*Work order*
After locating the line with "this 1873×1280 image." in the records below, print it and every line after it exactly.
-.-.-
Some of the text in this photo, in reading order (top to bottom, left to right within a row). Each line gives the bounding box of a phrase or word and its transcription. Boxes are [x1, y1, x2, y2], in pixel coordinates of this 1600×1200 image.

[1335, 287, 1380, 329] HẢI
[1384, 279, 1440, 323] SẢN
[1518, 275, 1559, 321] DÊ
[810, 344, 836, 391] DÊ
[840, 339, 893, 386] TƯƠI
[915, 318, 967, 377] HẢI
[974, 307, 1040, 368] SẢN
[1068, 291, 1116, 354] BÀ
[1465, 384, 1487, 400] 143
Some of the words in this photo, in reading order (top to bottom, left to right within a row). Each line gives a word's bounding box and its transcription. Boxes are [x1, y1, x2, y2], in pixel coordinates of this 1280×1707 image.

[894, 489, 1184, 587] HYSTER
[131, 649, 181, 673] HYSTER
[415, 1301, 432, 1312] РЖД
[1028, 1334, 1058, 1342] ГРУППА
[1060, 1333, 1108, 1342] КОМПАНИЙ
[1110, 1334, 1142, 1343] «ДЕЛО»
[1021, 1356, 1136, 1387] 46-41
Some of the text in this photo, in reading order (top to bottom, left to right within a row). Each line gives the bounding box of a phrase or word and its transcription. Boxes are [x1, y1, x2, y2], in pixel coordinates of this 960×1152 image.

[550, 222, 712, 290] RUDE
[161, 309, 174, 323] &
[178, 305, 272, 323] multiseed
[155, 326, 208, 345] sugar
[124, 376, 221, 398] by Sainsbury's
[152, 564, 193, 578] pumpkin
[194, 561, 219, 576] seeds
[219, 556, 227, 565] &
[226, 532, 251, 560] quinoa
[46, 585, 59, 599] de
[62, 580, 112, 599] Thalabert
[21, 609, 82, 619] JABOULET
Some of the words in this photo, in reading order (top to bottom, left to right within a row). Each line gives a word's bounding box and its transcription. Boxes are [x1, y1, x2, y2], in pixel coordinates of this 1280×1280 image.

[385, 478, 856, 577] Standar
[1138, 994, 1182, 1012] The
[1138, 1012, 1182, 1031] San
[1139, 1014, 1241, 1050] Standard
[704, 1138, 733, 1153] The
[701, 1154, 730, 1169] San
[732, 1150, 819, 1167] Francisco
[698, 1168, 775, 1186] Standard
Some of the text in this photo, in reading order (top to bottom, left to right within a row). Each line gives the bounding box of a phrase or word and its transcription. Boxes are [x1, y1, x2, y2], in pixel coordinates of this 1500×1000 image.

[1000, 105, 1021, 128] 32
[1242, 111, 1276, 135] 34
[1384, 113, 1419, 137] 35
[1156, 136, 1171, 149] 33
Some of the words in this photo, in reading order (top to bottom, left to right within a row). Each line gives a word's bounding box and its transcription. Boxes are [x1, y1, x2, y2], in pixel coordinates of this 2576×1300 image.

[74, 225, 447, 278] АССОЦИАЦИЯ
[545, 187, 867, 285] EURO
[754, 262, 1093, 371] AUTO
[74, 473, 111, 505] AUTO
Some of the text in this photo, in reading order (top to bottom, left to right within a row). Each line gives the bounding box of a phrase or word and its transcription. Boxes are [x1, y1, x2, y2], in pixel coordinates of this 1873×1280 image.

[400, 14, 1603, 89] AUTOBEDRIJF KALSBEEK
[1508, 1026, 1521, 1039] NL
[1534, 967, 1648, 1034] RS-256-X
-.-.-
*Expected answer*
Some of the text in this photo, in reading order (top to bottom, left to right within a row). Each line gives the bounding box of a phrase or word and its transcription. Boxes are [x1, y1, x2, y2], in pixel coordinates of this 1873×1280 image.

[400, 14, 1603, 89] AUTOBEDRIJF KALSBEEK
[1508, 1026, 1521, 1039] NL
[1534, 967, 1648, 1034] RS-256-X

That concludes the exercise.